User-Centered Machine Learning

A New Paradigm for Computer Vision Workflows

Massive investments are being made across the DoD to develop and field Machine Learning (ML) based capabilities for intelligence and operational data sources. In particular, the application of Computer Vision (CV) models on top of overhead aerial imagery has become a key focus area for teams looking to better detect and track objects of interest.

Palantir has worked directly with analysts and users of CV object detection and tracking technology for many years. Witnessing the limitations of countless third-party CV models in the wild, we’ve observed the impact on users when imperfect models fall short during a mission.

User-Centered Machine Learning (UCML) is Palantir’s solution to this problem. UCML transforms models from walled-off, isolated entities that are trained and deployed in slow cycles into live, dynamic solutions that users can improve in seconds. In this blog post, we discuss how we built our UCML service, and offer insight into how it can be deployed to not only improve model output, but introduce next generation workflows for augmenting decision-making for any mission.

Computer Vision User Adoption Challenges

Figure 1. Example object detection and tracking models on top of satellite EO imagery (left) and Full Motion Video (FMV) feeds (right). The satellite object detection models in this example identify vehicles (green dots) and ships (red rectangles). The FMV models are tracking vehicles (white dots). All images above are included for demonstration purposes only, and display Palantir and/or notional models. Copyright © Satellogic 2024 for EO satellite imagery.

When CV models are perfectly accurate, they can significantly enhance productivity of imagery analysts. For example, reliably knowing the location of every type of military vehicle, vessel and aircraft on every satellite image at image acquisition time (Figure 1), allows analysts to immediately extract the intelligence information they need to enable timely strategic decisions and actions.
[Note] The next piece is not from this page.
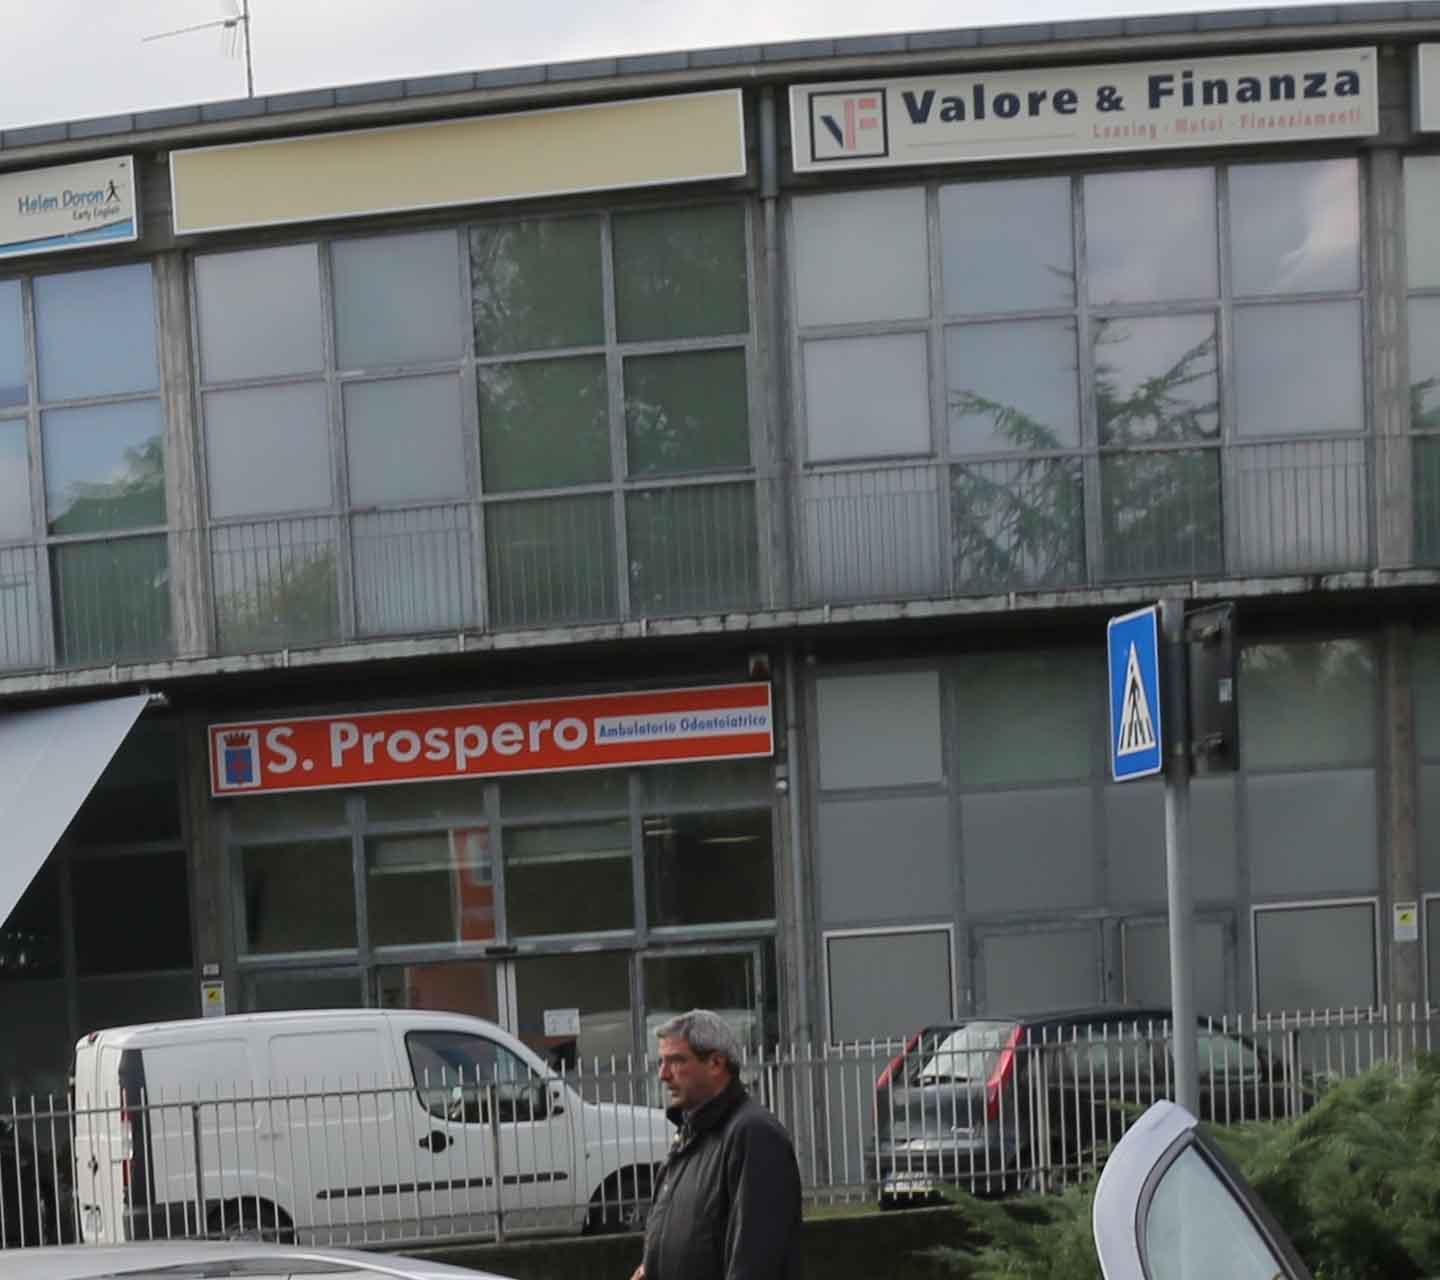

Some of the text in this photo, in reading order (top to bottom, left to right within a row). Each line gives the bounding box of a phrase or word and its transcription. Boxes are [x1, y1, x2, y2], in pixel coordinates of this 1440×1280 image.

Palantir has deployed several first and countless third-party CV models in the wild. As we’ve observed analysts using them, we’ve learned that the vast majority of users don’t fully rely on these models to perform their daily missions, choosing instead to use them as assistive aids that complement their daily workflows. This adoption reticence is the consequence of two distinct challenges:

  1. CV models are rarely perfectly accurate. In realistic deployment conditions, the observed accuracy of object detection and tracking models is usually in the range of 60%-80%. Imagery analysts must continuously evaluate the output of the models — they can’t blindly trust them in mission critical settings. Analysts know this inaccuracy will continue to persist for a variety of reasons, such as: insufficient training data diversity, challenging or rare classes of interest, training data labeling inaccuracies, large numbers of significantly different biomes, and gaps between training data and operational data.
  2. CV user workflows are static. In most workflows, users are presented with a set of static, noisy detections or tracks that appear as bounding boxes on top of images. Lacking the ability to interact with these detections, they can’t provide feedback to the model and refine its output as needed on the fly within the context of the mission. This dramatically limits a user’s ability and incentive to leverage model output to perform mission tasks.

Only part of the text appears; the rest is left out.